To do | Please restate all of the records word for word, setting the pictures aside.

[Start of Attachment]

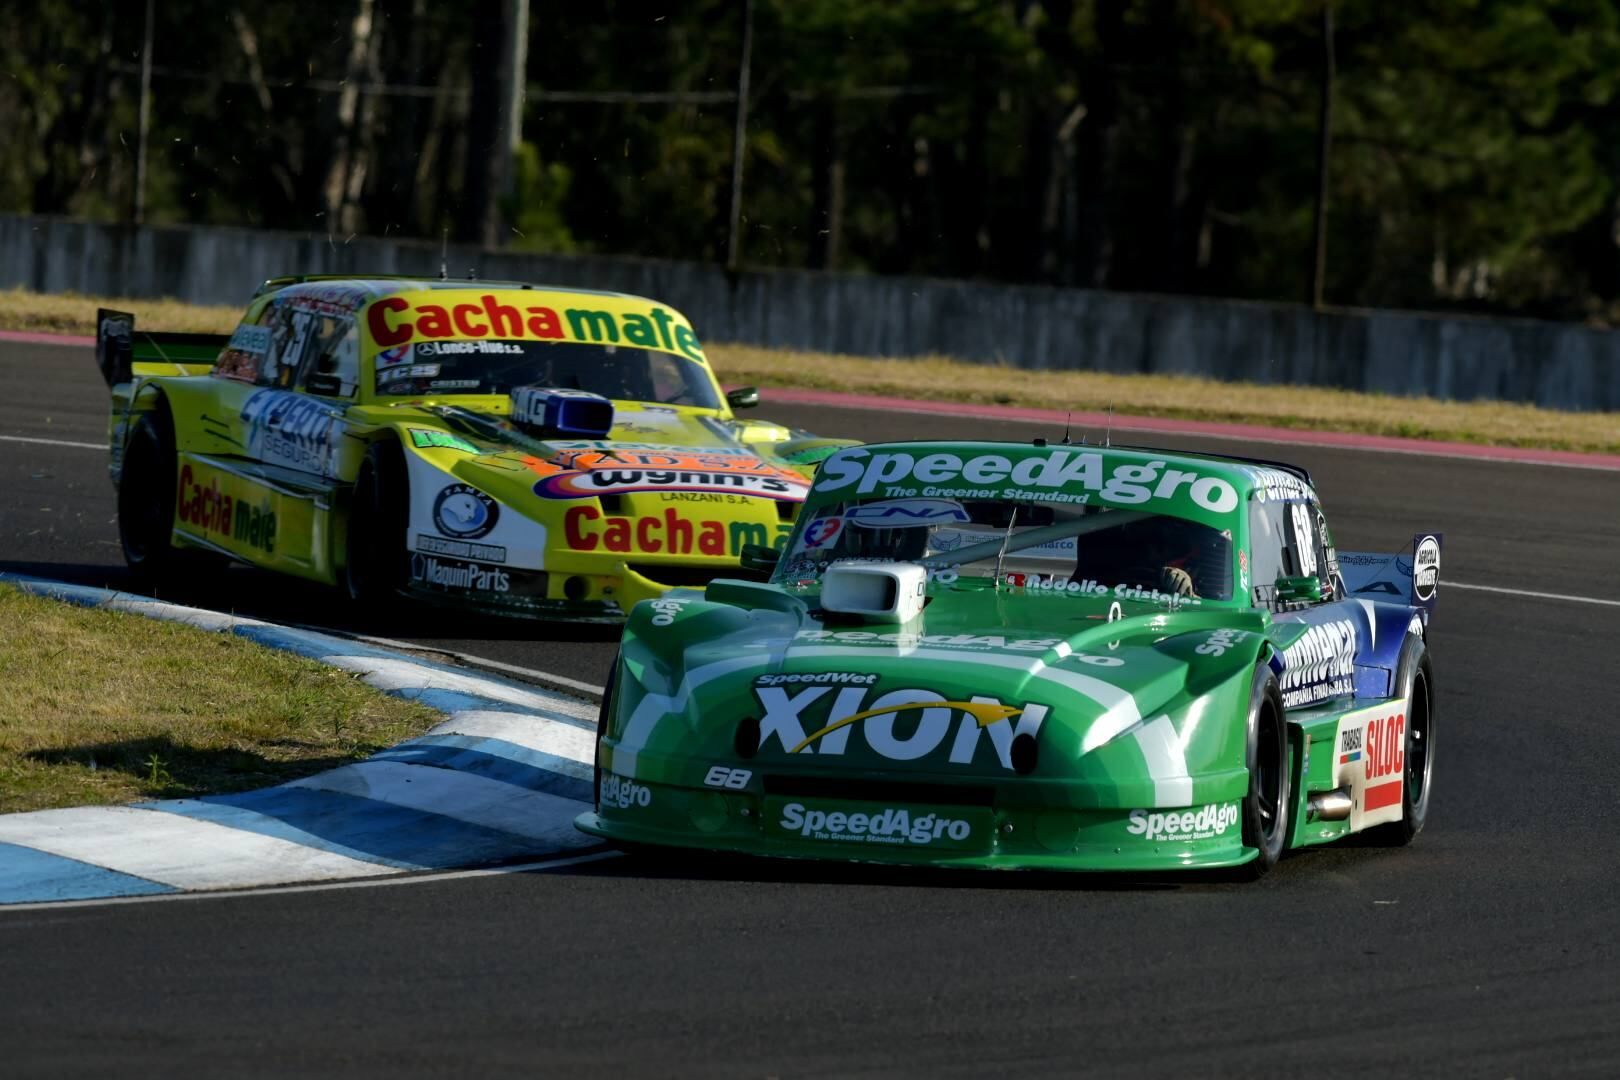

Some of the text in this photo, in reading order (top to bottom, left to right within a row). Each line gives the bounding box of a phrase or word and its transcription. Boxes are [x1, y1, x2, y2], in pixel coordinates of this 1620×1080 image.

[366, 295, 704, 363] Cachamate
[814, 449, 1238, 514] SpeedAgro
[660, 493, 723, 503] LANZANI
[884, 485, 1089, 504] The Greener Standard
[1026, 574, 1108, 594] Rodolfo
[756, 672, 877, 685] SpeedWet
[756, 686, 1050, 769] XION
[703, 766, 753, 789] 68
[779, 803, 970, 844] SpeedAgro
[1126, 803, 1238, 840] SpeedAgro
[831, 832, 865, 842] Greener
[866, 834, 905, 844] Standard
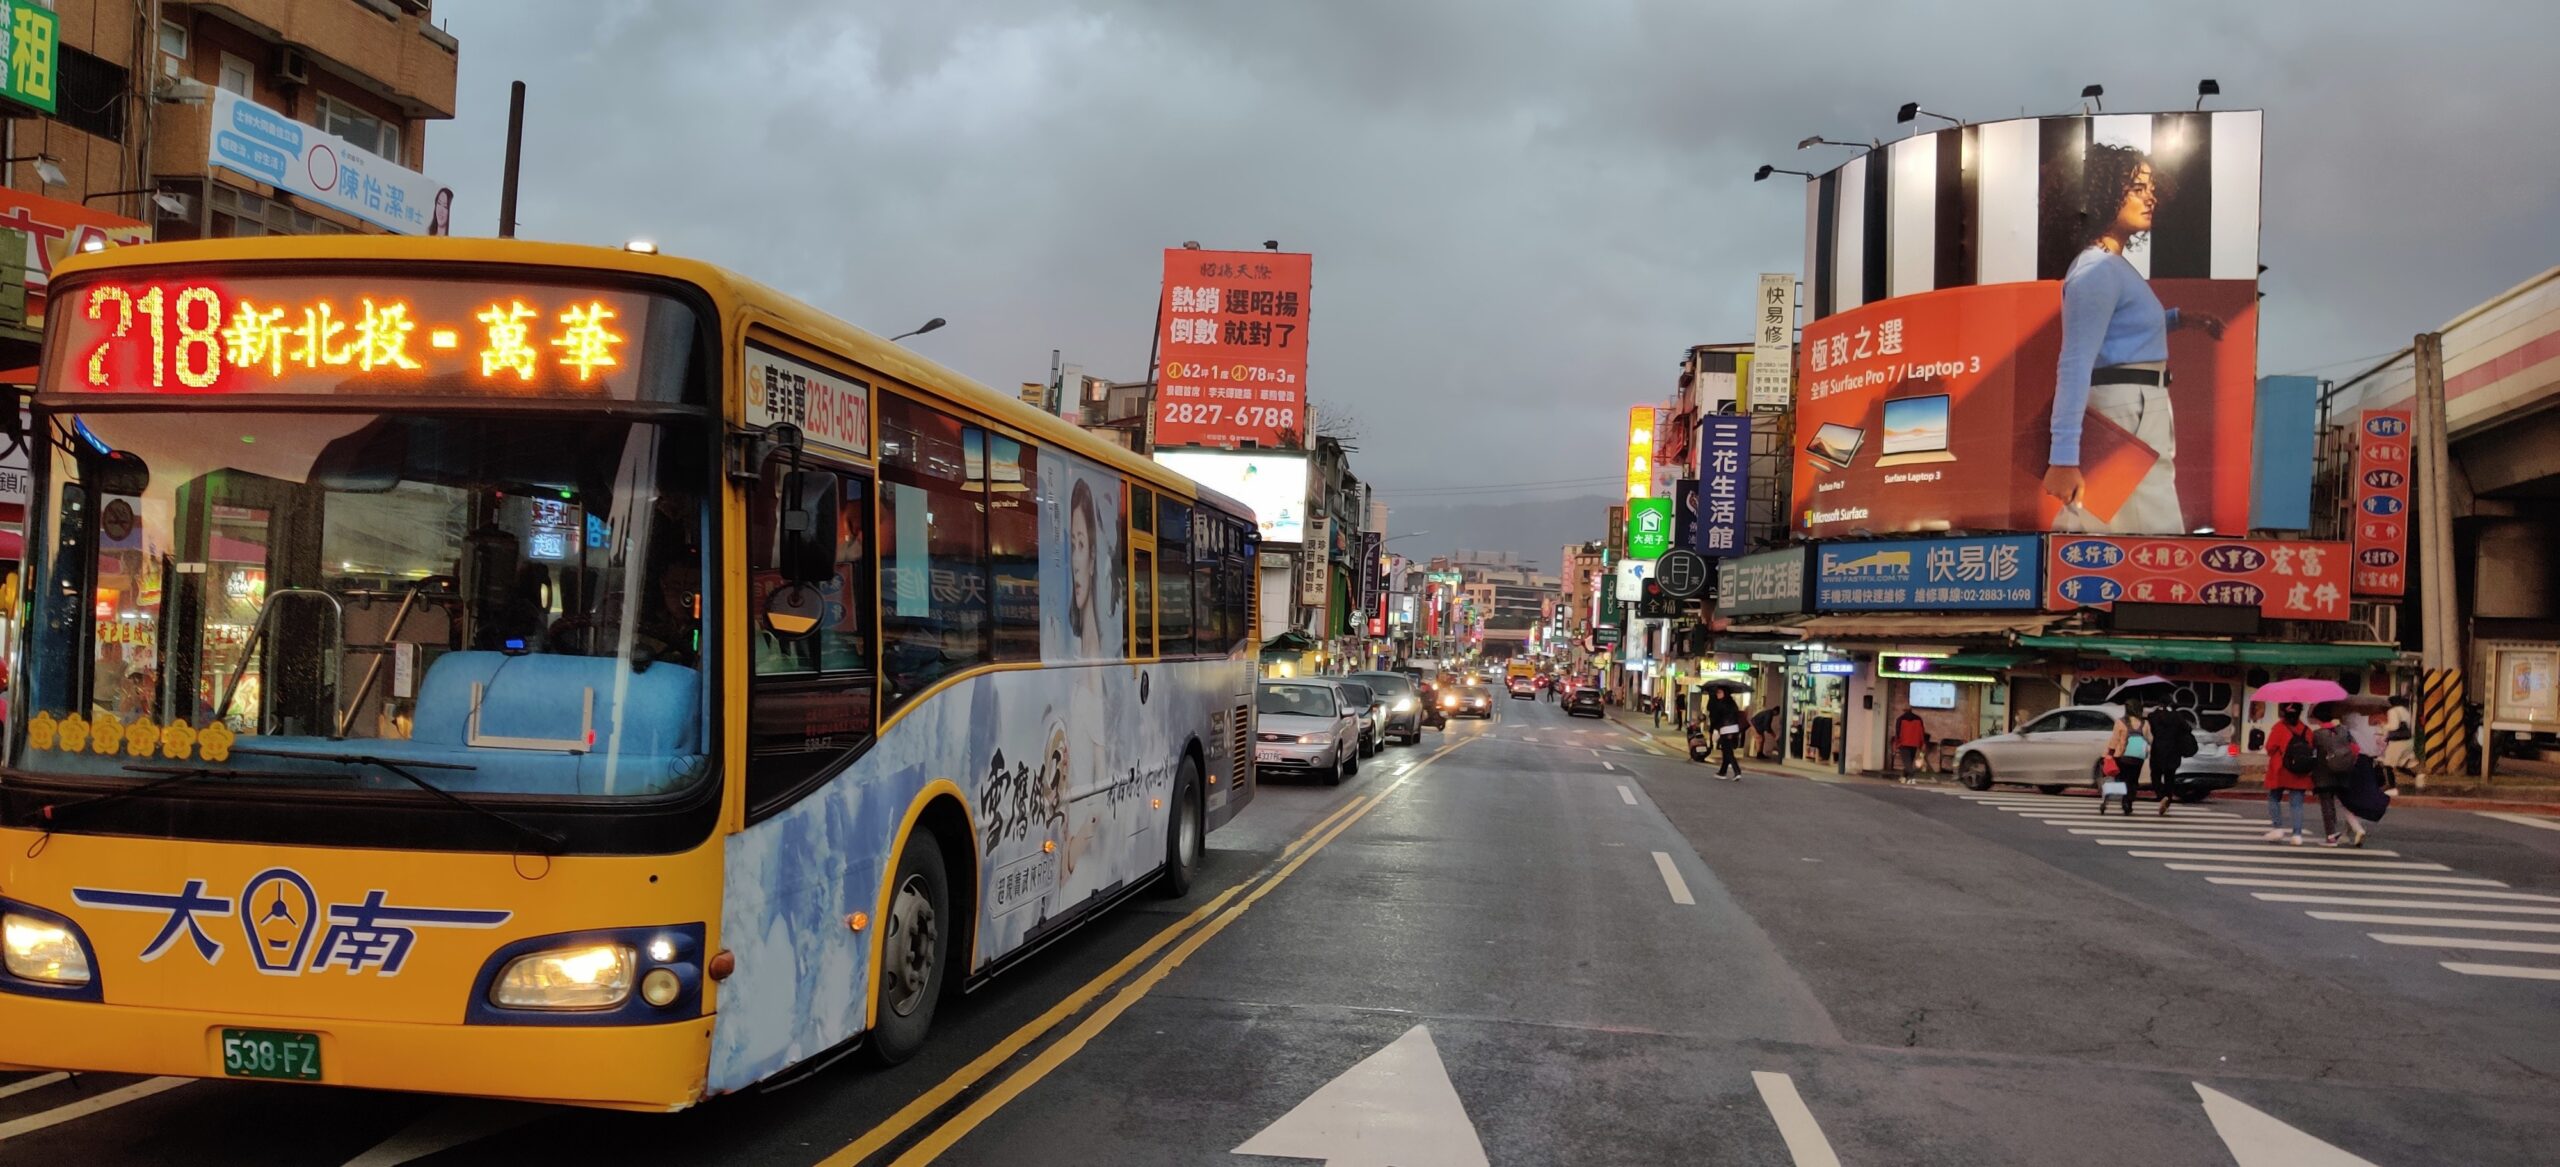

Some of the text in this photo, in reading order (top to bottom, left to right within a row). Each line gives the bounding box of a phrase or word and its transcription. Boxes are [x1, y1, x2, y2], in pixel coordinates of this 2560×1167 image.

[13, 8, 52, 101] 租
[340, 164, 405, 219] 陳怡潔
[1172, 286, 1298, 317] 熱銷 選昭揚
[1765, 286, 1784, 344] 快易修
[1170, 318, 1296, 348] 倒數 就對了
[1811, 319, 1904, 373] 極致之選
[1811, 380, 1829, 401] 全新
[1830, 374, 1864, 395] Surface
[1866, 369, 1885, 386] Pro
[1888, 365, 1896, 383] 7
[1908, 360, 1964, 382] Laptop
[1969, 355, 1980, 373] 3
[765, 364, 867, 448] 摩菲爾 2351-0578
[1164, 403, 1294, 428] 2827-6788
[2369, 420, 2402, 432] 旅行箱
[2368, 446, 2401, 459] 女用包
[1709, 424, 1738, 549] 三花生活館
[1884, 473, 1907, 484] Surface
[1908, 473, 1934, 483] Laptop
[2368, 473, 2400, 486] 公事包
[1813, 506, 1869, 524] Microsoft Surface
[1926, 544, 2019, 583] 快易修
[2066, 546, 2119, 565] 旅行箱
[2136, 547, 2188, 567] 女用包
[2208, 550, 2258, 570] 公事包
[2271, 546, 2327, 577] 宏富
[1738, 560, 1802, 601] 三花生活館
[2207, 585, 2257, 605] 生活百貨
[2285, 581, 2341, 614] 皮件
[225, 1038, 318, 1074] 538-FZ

[End of Attachment]

Result below |
Some of the text in this photo, in reading order (top to bottom, left to right within a row). Each line gives the bounding box of a phrase or word and its transcription. Boxes are [x1, y1, x2, y2], in pixel coordinates of this 1620×1080 image.

[366, 295, 704, 363] Cachamate
[814, 449, 1238, 514] SpeedAgro
[660, 493, 723, 503] LANZANI
[884, 485, 1089, 504] The Greener Standard
[1026, 574, 1108, 594] Rodolfo
[756, 672, 877, 685] SpeedWet
[756, 686, 1050, 769] XION
[703, 766, 753, 789] 68
[779, 803, 970, 844] SpeedAgro
[1126, 803, 1238, 840] SpeedAgro
[831, 832, 865, 842] Greener
[866, 834, 905, 844] Standard

Some of the text in this photo, in reading order (top to bottom, left to right within a row). Each line gives the bounding box of a phrase or word and its transcription. Boxes are [x1, y1, x2, y2], in pixel coordinates of this 2560×1167 image.

[13, 8, 52, 101] 租
[340, 164, 405, 219] 陳怡潔
[1172, 286, 1298, 317] 熱銷 選昭揚
[1765, 286, 1784, 344] 快易修
[1170, 318, 1296, 348] 倒數 就對了
[1811, 319, 1904, 373] 極致之選
[1811, 380, 1829, 401] 全新
[1830, 374, 1864, 395] Surface
[1866, 369, 1885, 386] Pro
[1888, 365, 1896, 383] 7
[1908, 360, 1964, 382] Laptop
[1969, 355, 1980, 373] 3
[765, 364, 867, 448] 摩菲爾 2351-0578
[1164, 403, 1294, 428] 2827-6788
[2369, 420, 2402, 432] 旅行箱
[2368, 446, 2401, 459] 女用包
[1709, 424, 1738, 549] 三花生活館
[1884, 473, 1907, 484] Surface
[1908, 473, 1934, 483] Laptop
[2368, 473, 2400, 486] 公事包
[1813, 506, 1869, 524] Microsoft Surface
[1926, 544, 2019, 583] 快易修
[2066, 546, 2119, 565] 旅行箱
[2136, 547, 2188, 567] 女用包
[2208, 550, 2258, 570] 公事包
[2271, 546, 2327, 577] 宏富
[1738, 560, 1802, 601] 三花生活館
[2207, 585, 2257, 605] 生活百貨
[2285, 581, 2341, 614] 皮件
[225, 1038, 318, 1074] 538-FZ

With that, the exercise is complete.